A large fraction of the asteroids observed so far are to be considered lost, that is they cannot be recovered by pointing the telescope at the predicted position only. The catalogues of asteroid orbits are therefore polluted by large numbers of low accuracy orbits, which cannot be easily improved by observation. Two of these inaccurate orbits can belong to the same physical object, and indeed identifications are regularly found when the orbital elements are close; an unknown number of real identifications have not been found in the existing catalogues because the orbital elements as computed are far apart. It is impossible to systematically check for possible identification of all the couples of orbital element sets; an algorithm is required to single out a comparatively small number of proposed identifications, and to find a suitable first guess within the region of convergence of the differential corrections procedure to be used to confirm the identification.
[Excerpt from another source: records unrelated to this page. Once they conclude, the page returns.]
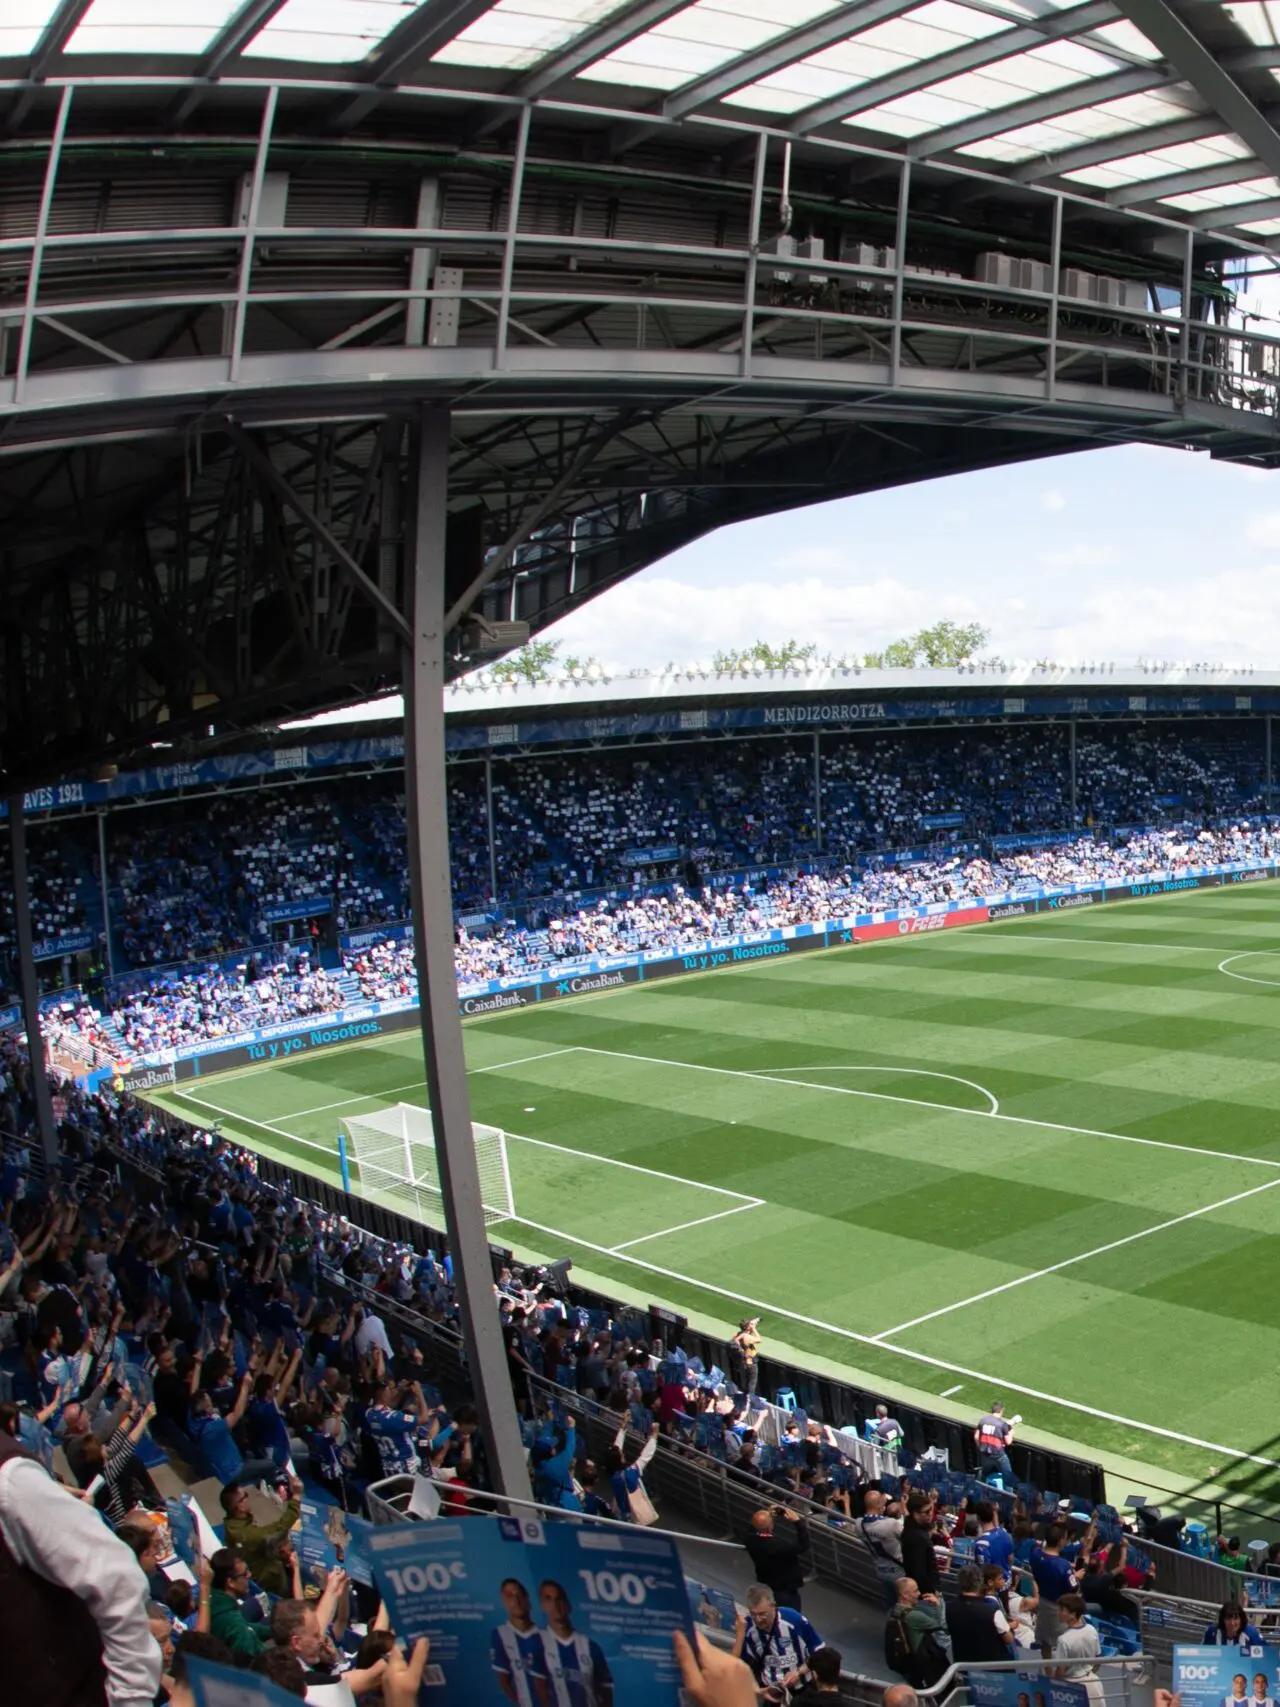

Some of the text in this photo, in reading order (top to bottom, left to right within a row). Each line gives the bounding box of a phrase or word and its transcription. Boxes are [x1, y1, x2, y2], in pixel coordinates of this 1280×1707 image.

[764, 703, 886, 723] MENDIZORROTZA
[58, 783, 84, 804] 1921
[683, 942, 789, 969] Tú y yo. Nosotros.
[571, 972, 624, 993] CaixaBank
[464, 993, 521, 1014] CaixaBank
[247, 1021, 382, 1060] Tú y yo. Nosotros.
[124, 1065, 176, 1091] aixaBank
[385, 1561, 467, 1596] 100€
[578, 1569, 658, 1605] 100€
[1179, 1664, 1219, 1680] 100€
In the linear approximation the target function to be minimized is a quadratic form; thus a fully analytic algorithm can be given to compute both the first guess for an identification and the cost, that is the increase in the target function resulting from joining the two sets of observations. This allows to define a number of distances in the elements space, which are functions, not only of the two orbital element sets, but also of their uncertainties, as measured by the Gaussian covariance matrices. Tests on the values of these distances are used as preliminary filters, to allow more extensive computations to be performed on a fraction of the total number of possible couples.